Restate all the data word for word and omit the pictures.

* **Raw data**:
────────────────────
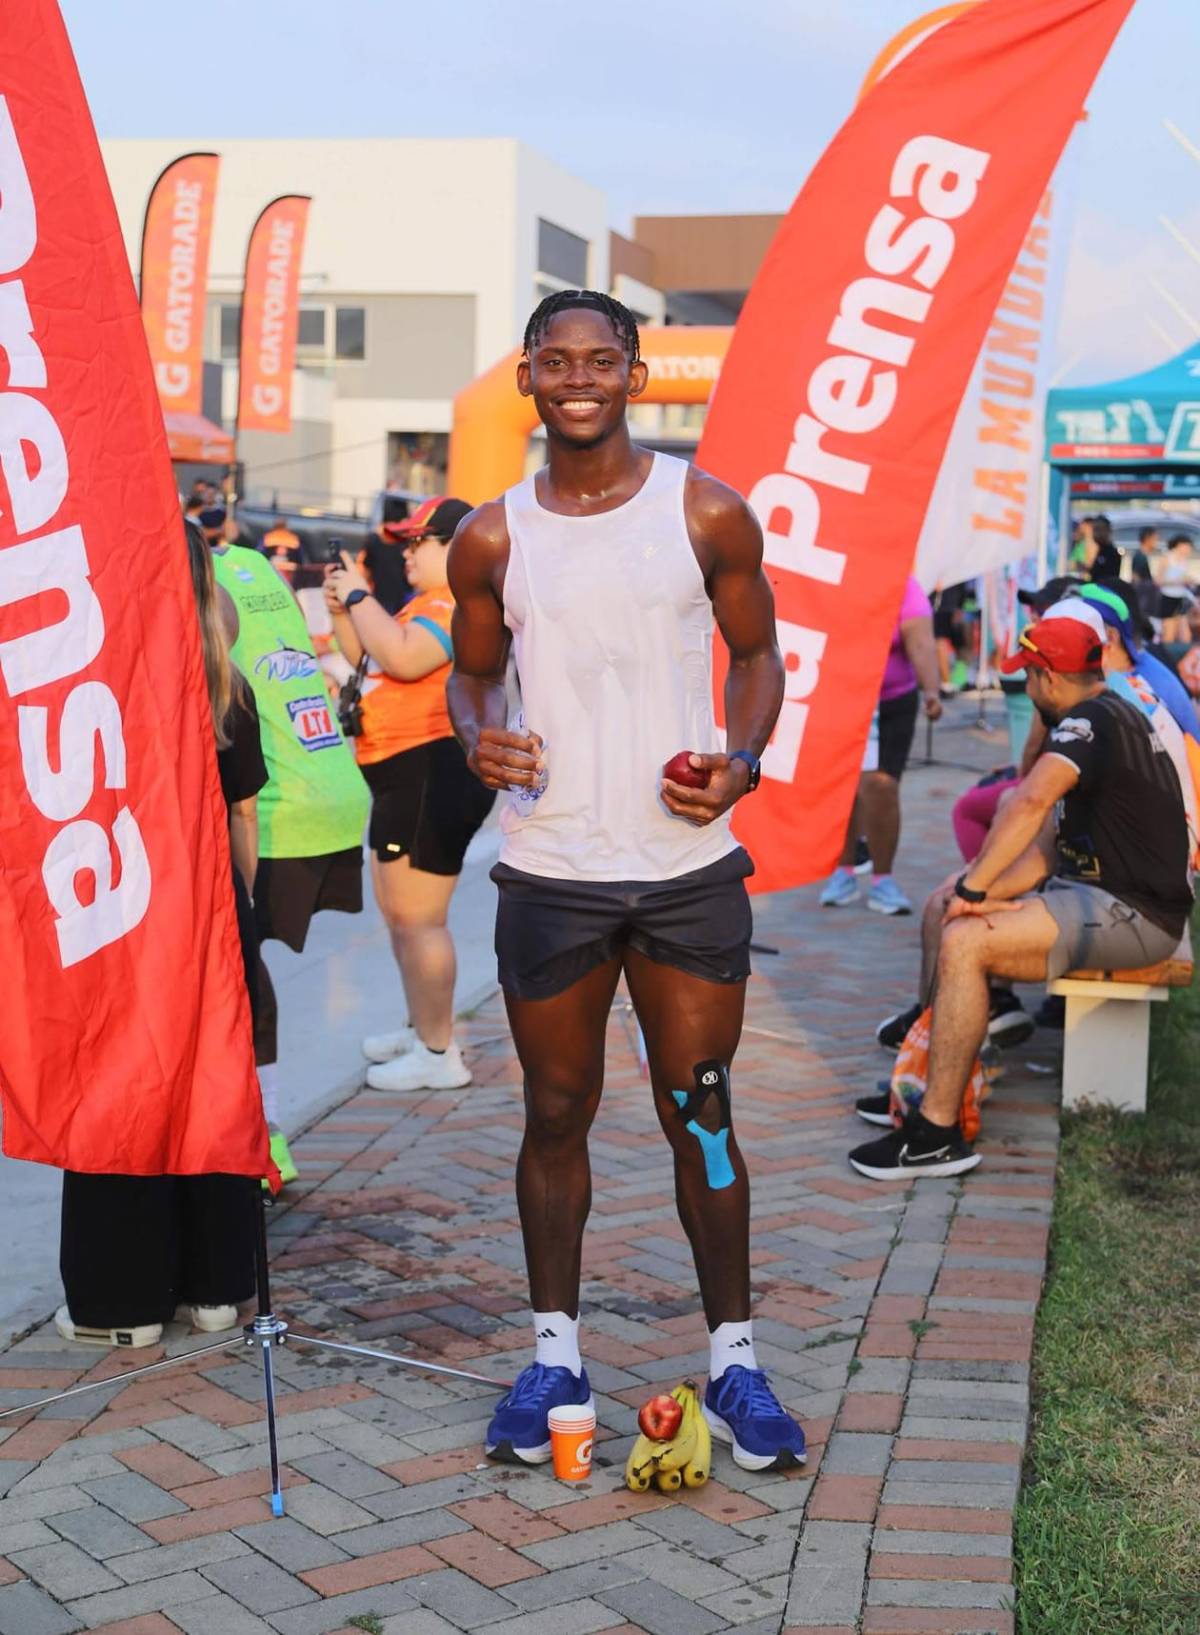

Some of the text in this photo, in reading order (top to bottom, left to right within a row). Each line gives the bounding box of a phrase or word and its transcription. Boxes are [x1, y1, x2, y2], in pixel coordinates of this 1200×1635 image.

[157, 179, 202, 398] G GATORADE
[252, 218, 296, 417] G GATORADE
[747, 135, 992, 586] Prensa
[971, 187, 1053, 541] LA MUNDIA
[0, 92, 152, 970] ensa
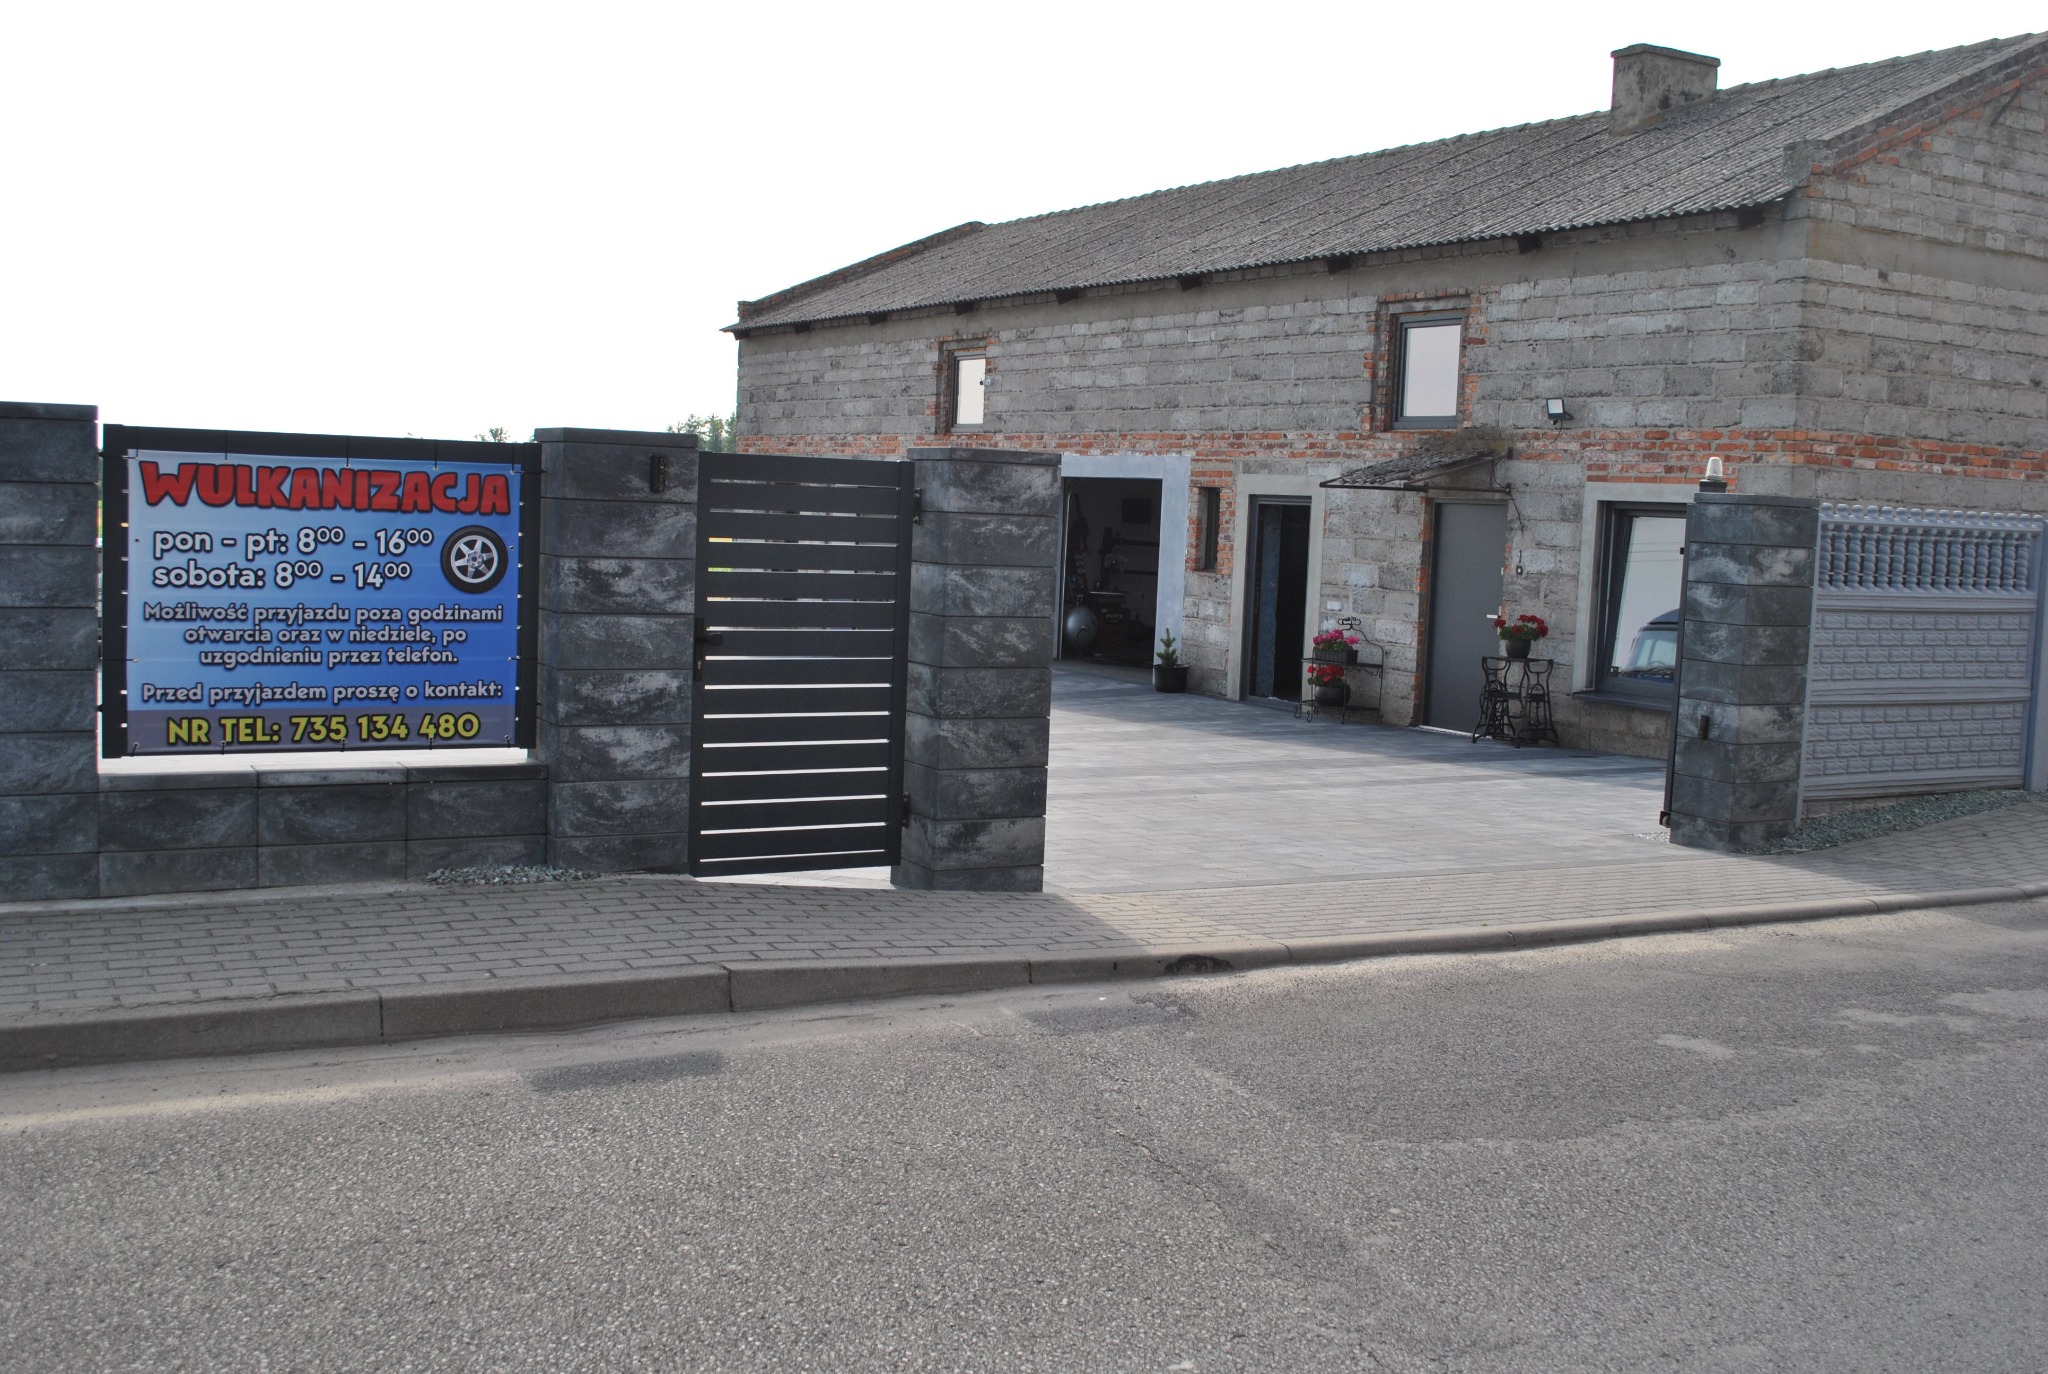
────────────────────
* **Result for this exercise**:
Some of the text in this photo, in reading order (top to bottom, left to right within a row). Each line gives the bounding box of a phrase or word and its transcription. Boxes are [x1, y1, x2, y2], in pixel coordinates of this 1200×1635 image.

[157, 179, 202, 398] G GATORADE
[252, 218, 296, 417] G GATORADE
[747, 135, 992, 586] Prensa
[971, 187, 1053, 541] LA MUNDIA
[0, 92, 152, 970] ensa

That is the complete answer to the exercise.